En la Ciudad, el IPC también había marcado una suba del 1,7% en agosto, después del 2,9% registrado en julio. Por su parte, el Relevamiento de Expectativas de Mercado (REM) había proyectado un incremento promedio de 1,7% para el octavo mes del año.
Sin embargo, detrás del promedio general hubo diferencias importantes entre los distintos rubros. Vivienda, agua, electricidad, gas y otros combustibles fue la división que más aumentó, con una suba del 2,8%.
Le siguieron Educación, con un incremento del 2,5%; Bienes y servicios varios, 2,4%; Salud, 2,4%; Comunicación, 2,3%; y Bebidas alcohólicas y tabaco, 2,1%.
En el otro extremo, Prendas de vestir y calzado fue el único rubro mencionado con una variación negativa, al registrar una baja del 0,6%.
Para el Gobierno, el resultado representa una señal favorable dentro de su programa económico, ya que mantiene la inflación mensual en niveles inferiores a los registrados durante buena parte de los últimos años. De todos modos, el 1,7% de agosto todavía se encuentra lejos del objetivo de inflación cero que el presidente Javier Milei había planteado como una de las metas de su gestión.
El dato también tendrá consecuencias concretas sobre los ingresos de millones de argentinos. La inflación de agosto es uno de los datos utilizados para determinar la actualización de jubilaciones, pensiones y otras prestaciones de la seguridad social que comenzarán a regir en octubre.
Por eso, aunque la desaceleración de los precios representa una mejora en términos macroeconómicos, el impacto sobre los hogares depende de cómo evolucionen los ingresos frente al costo de vida. Para los sectores de menores recursos, además, el comportamiento de alimentos, medicamentos, tarifas y transporte tiene un peso especialmente importante dentro del presupuesto familiar.

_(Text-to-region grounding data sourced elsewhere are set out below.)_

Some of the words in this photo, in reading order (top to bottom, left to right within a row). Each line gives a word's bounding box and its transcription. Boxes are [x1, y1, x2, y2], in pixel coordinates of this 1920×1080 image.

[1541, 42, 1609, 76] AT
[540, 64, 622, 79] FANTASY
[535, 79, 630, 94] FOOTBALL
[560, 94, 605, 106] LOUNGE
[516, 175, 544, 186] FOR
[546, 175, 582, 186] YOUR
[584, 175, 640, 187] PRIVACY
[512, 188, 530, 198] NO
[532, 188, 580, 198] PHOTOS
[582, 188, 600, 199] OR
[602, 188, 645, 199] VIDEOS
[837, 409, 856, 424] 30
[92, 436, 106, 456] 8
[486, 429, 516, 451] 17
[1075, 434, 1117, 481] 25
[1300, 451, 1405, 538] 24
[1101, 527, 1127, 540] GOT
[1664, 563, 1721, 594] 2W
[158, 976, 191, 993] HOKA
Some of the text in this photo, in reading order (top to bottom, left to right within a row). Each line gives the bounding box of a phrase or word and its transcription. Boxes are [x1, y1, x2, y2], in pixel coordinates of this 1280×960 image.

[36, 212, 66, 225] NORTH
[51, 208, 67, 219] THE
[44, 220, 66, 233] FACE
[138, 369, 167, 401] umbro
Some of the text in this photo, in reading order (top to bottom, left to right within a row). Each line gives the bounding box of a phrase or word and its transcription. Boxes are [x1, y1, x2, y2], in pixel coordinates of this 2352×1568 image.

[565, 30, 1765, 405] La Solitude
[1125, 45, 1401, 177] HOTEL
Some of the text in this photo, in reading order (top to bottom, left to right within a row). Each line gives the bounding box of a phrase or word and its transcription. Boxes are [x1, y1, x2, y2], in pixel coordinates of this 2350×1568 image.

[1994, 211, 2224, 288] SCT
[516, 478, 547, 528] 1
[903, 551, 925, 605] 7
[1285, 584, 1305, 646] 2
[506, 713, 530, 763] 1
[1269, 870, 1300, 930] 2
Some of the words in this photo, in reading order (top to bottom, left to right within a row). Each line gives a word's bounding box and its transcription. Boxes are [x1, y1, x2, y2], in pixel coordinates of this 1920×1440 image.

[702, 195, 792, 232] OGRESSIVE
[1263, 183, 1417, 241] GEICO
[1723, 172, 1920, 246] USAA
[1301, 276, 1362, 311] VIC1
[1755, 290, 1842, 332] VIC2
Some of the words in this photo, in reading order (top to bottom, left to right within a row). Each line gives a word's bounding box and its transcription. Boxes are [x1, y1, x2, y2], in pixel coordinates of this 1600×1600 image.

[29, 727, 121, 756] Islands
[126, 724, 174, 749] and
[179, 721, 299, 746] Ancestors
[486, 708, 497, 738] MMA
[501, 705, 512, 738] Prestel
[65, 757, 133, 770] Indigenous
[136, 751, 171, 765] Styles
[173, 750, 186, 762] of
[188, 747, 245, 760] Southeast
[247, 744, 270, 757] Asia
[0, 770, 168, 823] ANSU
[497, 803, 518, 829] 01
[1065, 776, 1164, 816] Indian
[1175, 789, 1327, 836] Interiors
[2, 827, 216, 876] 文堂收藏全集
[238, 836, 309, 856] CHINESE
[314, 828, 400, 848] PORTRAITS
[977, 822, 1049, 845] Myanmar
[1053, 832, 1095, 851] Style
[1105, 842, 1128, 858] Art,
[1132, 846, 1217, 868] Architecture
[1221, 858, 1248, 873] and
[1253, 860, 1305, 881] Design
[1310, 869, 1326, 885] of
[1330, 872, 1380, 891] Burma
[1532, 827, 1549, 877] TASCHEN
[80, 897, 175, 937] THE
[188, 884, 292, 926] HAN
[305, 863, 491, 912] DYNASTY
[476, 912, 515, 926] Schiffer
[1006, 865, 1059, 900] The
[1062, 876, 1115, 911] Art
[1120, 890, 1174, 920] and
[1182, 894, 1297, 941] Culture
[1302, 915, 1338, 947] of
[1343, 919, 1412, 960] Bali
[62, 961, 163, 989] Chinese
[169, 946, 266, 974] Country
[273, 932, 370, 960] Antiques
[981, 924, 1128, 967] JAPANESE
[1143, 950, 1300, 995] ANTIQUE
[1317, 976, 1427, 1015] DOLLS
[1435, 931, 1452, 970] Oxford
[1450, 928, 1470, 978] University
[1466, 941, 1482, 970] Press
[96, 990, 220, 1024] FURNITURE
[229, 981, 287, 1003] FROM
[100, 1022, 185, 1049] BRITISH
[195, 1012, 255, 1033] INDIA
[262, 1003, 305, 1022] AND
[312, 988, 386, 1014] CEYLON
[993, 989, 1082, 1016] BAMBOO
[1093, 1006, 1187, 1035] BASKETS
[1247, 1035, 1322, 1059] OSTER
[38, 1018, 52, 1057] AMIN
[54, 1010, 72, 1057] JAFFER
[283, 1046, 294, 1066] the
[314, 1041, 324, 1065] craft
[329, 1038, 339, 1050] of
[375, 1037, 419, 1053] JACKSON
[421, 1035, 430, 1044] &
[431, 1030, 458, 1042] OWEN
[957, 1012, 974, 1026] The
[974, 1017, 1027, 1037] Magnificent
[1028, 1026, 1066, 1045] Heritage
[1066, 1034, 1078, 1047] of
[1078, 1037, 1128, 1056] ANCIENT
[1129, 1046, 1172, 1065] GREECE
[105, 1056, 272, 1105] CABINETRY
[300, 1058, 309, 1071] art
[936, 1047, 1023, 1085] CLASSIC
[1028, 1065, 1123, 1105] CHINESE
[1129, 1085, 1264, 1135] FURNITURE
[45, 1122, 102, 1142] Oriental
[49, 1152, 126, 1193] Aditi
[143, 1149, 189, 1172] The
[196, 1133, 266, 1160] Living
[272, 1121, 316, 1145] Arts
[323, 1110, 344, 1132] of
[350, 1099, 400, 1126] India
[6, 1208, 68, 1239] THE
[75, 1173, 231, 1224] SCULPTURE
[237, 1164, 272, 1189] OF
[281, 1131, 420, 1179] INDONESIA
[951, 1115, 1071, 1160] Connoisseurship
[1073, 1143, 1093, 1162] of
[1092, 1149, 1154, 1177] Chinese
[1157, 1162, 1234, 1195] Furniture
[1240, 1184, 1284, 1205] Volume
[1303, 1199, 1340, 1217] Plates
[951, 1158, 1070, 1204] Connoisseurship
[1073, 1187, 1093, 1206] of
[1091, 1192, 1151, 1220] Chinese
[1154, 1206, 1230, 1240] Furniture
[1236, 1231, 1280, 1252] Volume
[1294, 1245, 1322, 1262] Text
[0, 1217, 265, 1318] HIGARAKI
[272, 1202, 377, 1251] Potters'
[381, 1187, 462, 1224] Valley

La inflación acumulada del 21,3% en el año también marca el ritmo de actualización de numerosos contratos, servicios y otros valores de la economía, en un escenario en el que el Gobierno busca consolidar la desaceleración de los precios sin abandonar su objetivo de equilibrio fiscal.
El resultado de agosto, en ese sentido, vuelve a mostrar una inflación mensual más moderada, pero todavía con fuertes diferencias entre los distintos componentes de la canasta. El desafío para los próximos meses será sostener esa tendencia y, al mismo tiempo, lograr que la desaceleración tenga un impacto cada vez más perceptible sobre el poder adquisitivo de las familias.